:: Given records ::

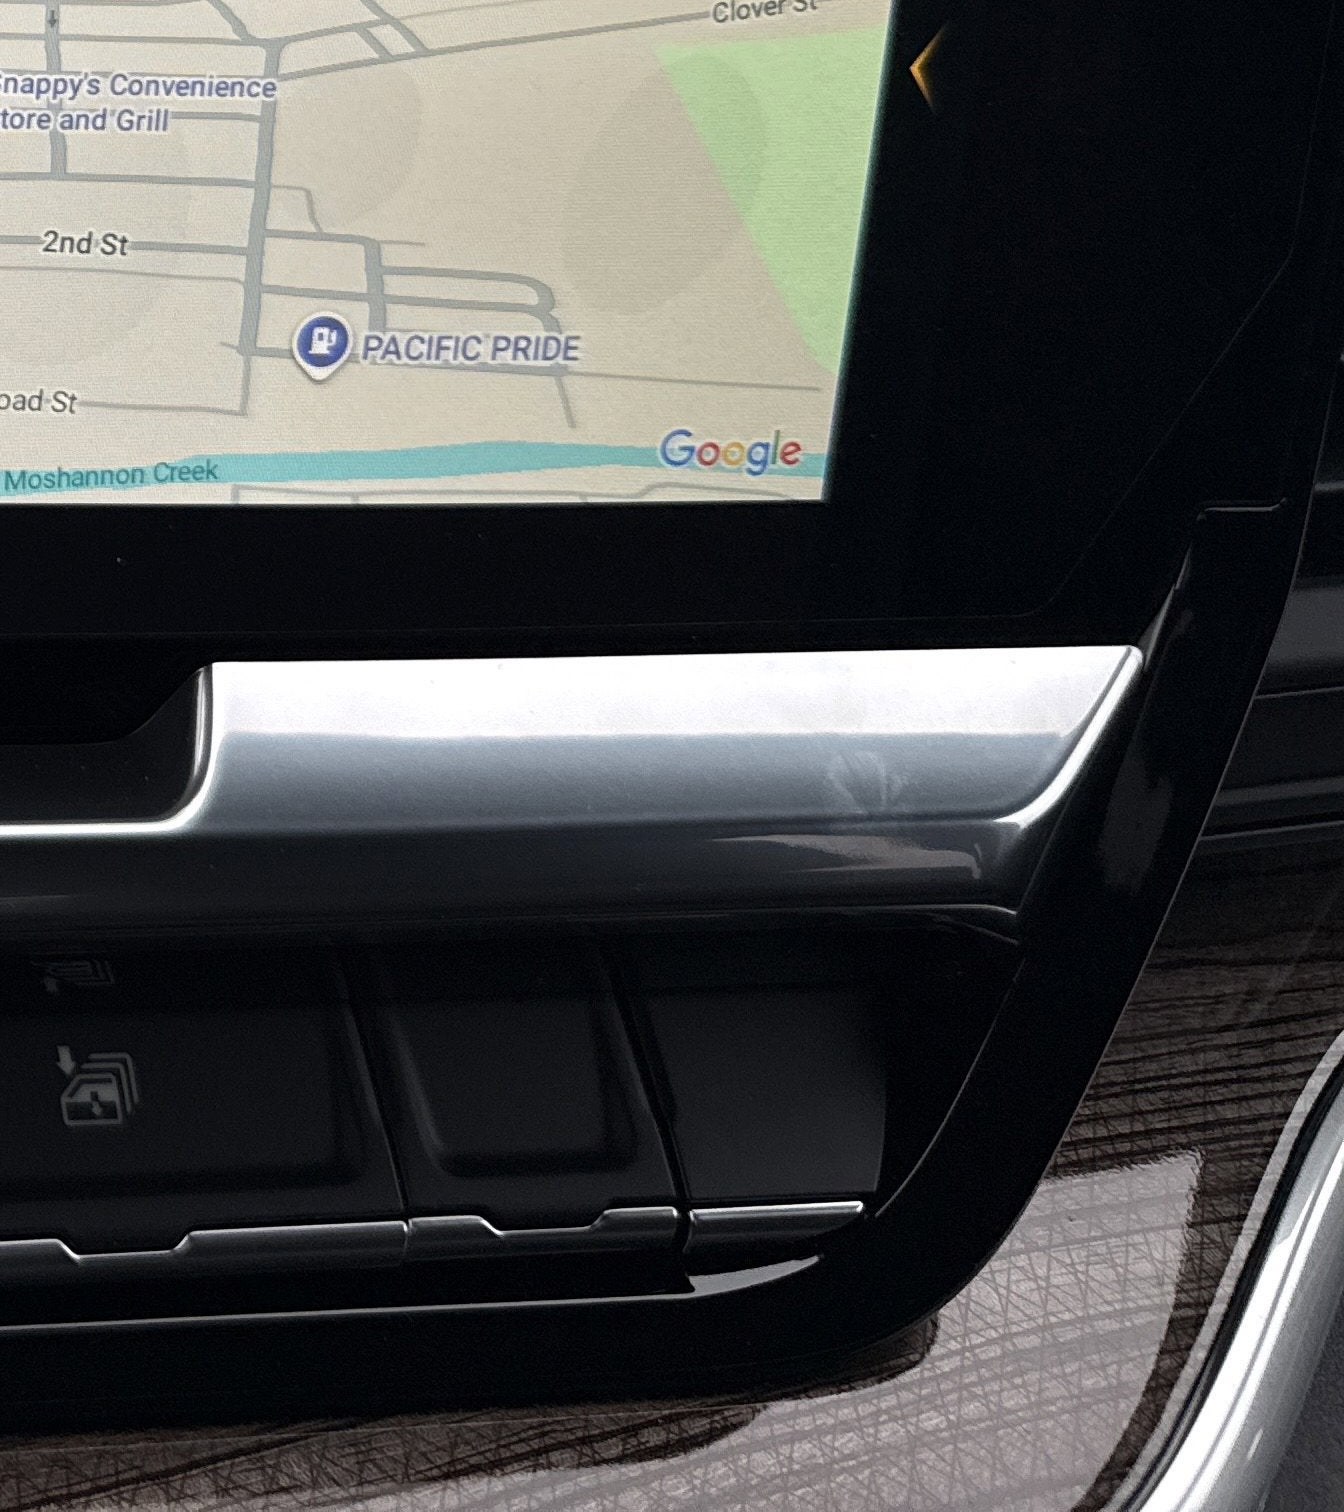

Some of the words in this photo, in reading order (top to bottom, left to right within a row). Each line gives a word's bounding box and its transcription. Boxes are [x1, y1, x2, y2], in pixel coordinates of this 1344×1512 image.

[109, 73, 277, 98] Convenience
[59, 109, 106, 131] and
[115, 109, 168, 132] Grill
[43, 231, 91, 256] 2nd
[100, 233, 128, 257] St
[362, 335, 482, 362] PACIFIC
[492, 337, 580, 362] PRIDE
[51, 391, 77, 414] St
[660, 429, 801, 475] Google
[4, 462, 144, 491] Moshannon
[154, 460, 218, 483] Creek
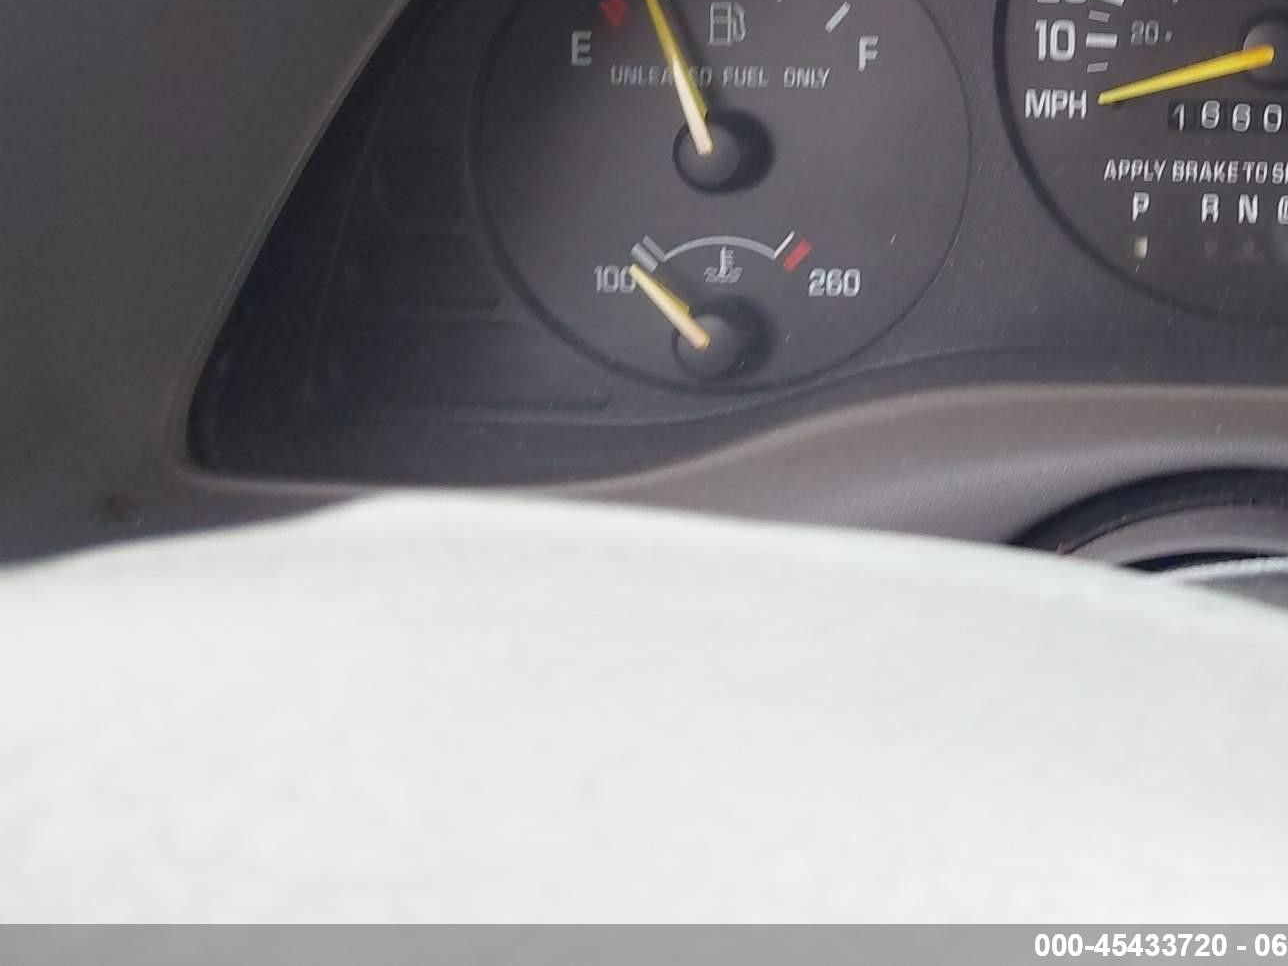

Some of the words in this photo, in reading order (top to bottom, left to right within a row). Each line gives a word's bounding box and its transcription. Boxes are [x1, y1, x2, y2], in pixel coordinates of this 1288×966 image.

[1034, 18, 1077, 63] 10
[1130, 20, 1160, 46] 20
[571, 30, 594, 68] E
[858, 35, 880, 73] F
[611, 64, 713, 87] UNLEAED
[723, 65, 769, 88] FUEL
[783, 66, 831, 89] ONLY
[1024, 88, 1088, 120] MPH
[1104, 159, 1167, 183] APPLY
[1172, 160, 1239, 184] BRAKE
[1242, 162, 1268, 185] TO
[1132, 192, 1150, 222] P
[1202, 193, 1219, 224] R
[1238, 194, 1258, 225] N
[594, 265, 637, 293] 100
[808, 267, 862, 297] 260
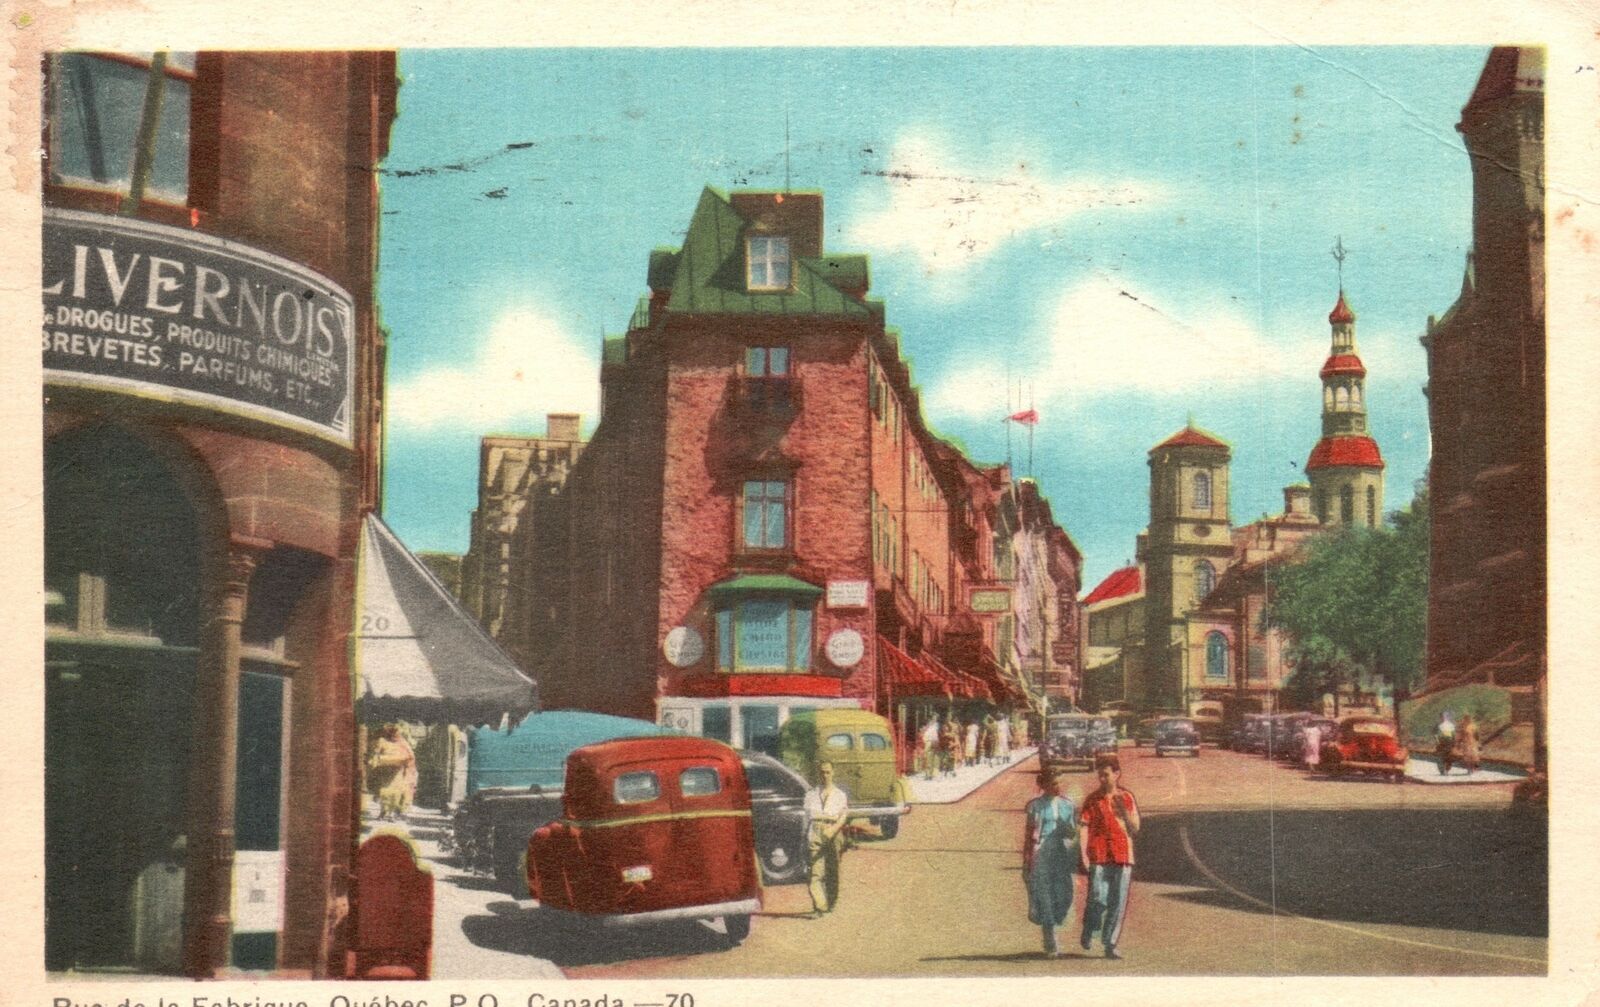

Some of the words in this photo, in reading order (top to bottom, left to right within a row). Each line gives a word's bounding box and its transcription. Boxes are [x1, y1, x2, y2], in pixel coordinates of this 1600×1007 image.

[57, 305, 161, 342] DROGUES,
[167, 322, 251, 361] PRODUITS
[180, 351, 279, 393] PARFUMS,
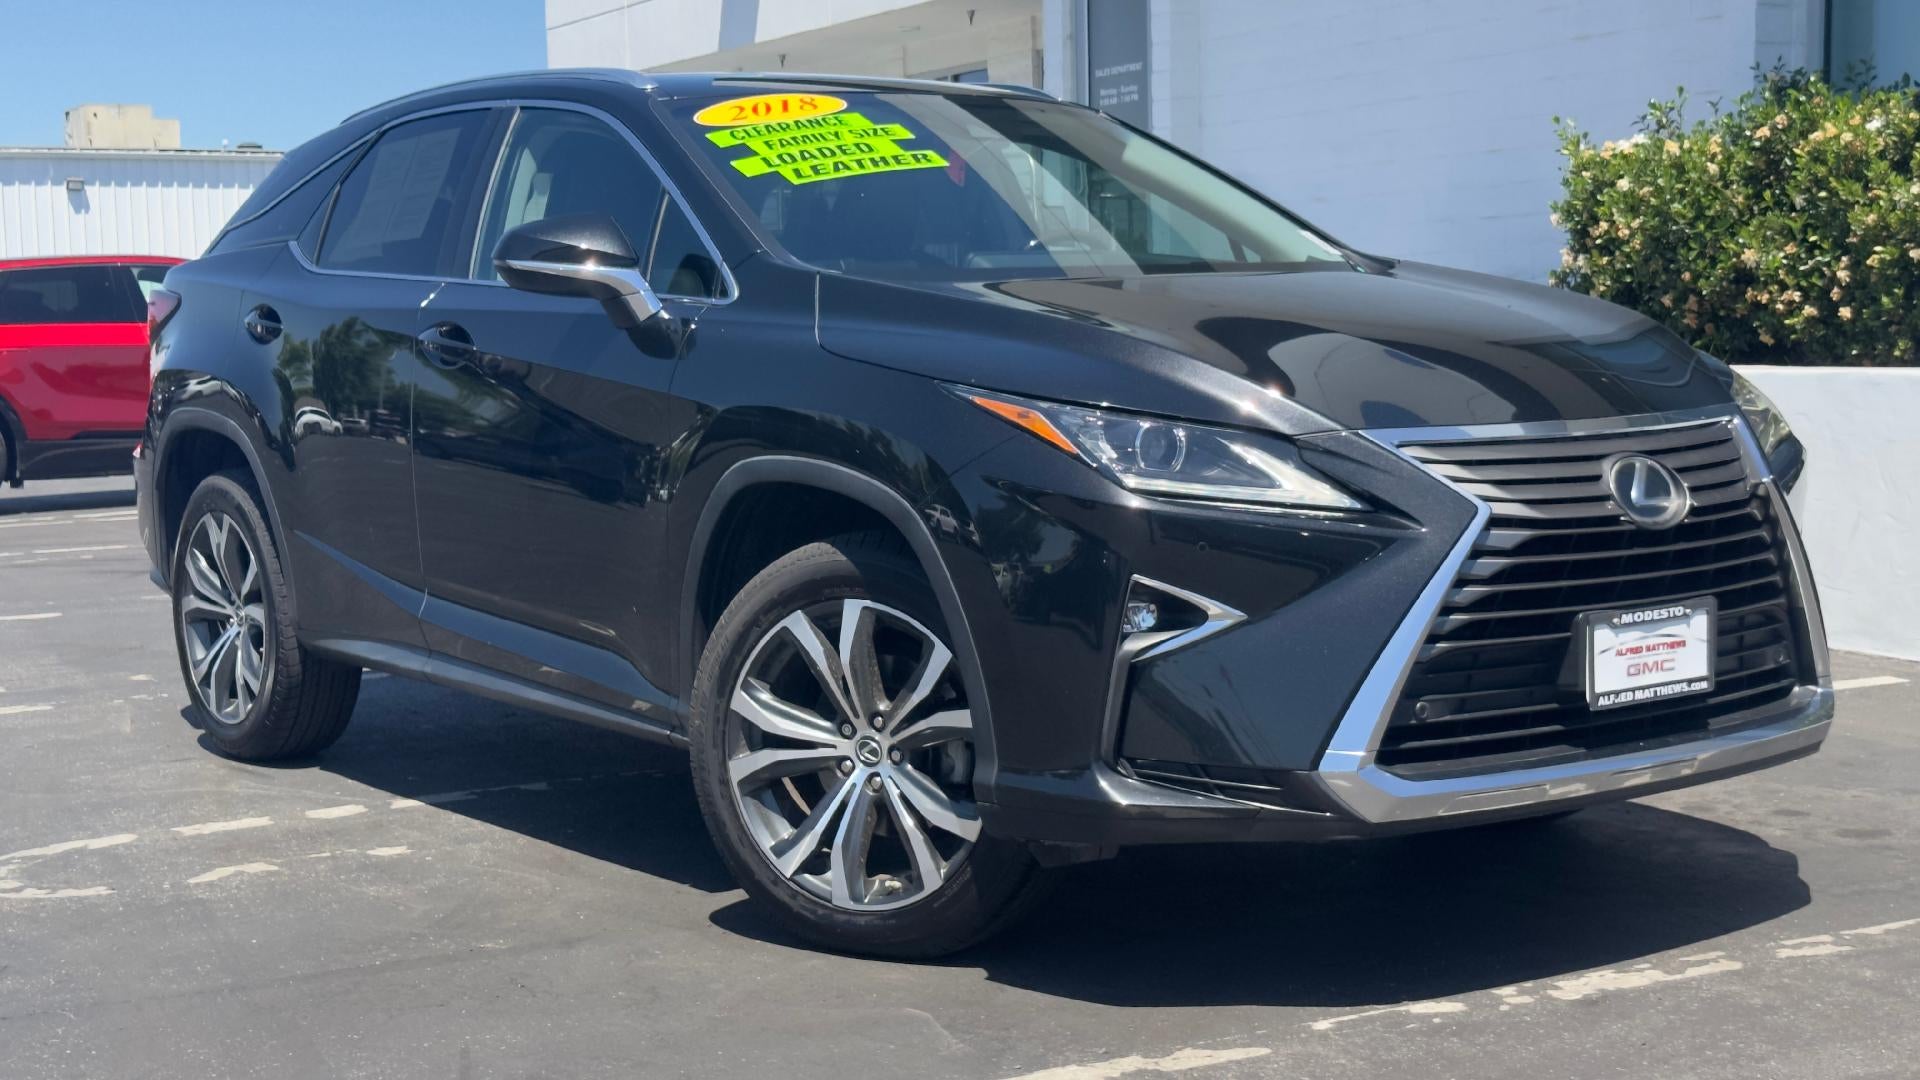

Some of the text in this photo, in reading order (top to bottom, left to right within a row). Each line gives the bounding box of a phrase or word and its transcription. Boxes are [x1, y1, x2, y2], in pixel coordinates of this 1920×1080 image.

:::

**Action item:**
Output the material word for word, and keep the pictures out.

**Answer below:**
Some of the words in this photo, in reading order (top to bottom, left to right within a row). Each line gives a word's bounding box and its transcription. Boxes are [x1, y1, x2, y2], in pixel coordinates of this 1344×1512 image.

[109, 73, 277, 98] Convenience
[59, 109, 106, 131] and
[115, 109, 168, 132] Grill
[43, 231, 91, 256] 2nd
[100, 233, 128, 257] St
[362, 335, 482, 362] PACIFIC
[492, 337, 580, 362] PRIDE
[51, 391, 77, 414] St
[660, 429, 801, 475] Google
[4, 462, 144, 491] Moshannon
[154, 460, 218, 483] Creek

Some of the words in this photo, in reading order (top to bottom, left to right within a row). Each line gives a word's bounding box and its transcription. Boxes are [x1, y1, x2, y2], in pixel coordinates of this 1288×966 image.

[1034, 18, 1077, 63] 10
[1130, 20, 1160, 46] 20
[571, 30, 594, 68] E
[858, 35, 880, 73] F
[611, 64, 713, 87] UNLEAED
[723, 65, 769, 88] FUEL
[783, 66, 831, 89] ONLY
[1024, 88, 1088, 120] MPH
[1104, 159, 1167, 183] APPLY
[1172, 160, 1239, 184] BRAKE
[1242, 162, 1268, 185] TO
[1132, 192, 1150, 222] P
[1202, 193, 1219, 224] R
[1238, 194, 1258, 225] N
[594, 265, 637, 293] 100
[808, 267, 862, 297] 260

Some of the words in this photo, in reading order (top to bottom, left to right within a row). Each line gives a word's bounding box and its transcription. Boxes are [x1, y1, x2, y2], in pixel coordinates of this 1600×1007 image.

[57, 305, 161, 342] DROGUES,
[167, 322, 251, 361] PRODUITS
[180, 351, 279, 393] PARFUMS,

Some of the text in this photo, in reading order (top to bottom, left to right within a row). Each line gives the bounding box of a phrase or word and its transcription. Boxes are [x1, y1, x2, y2], in pixel coordinates of this 1920×1080 image.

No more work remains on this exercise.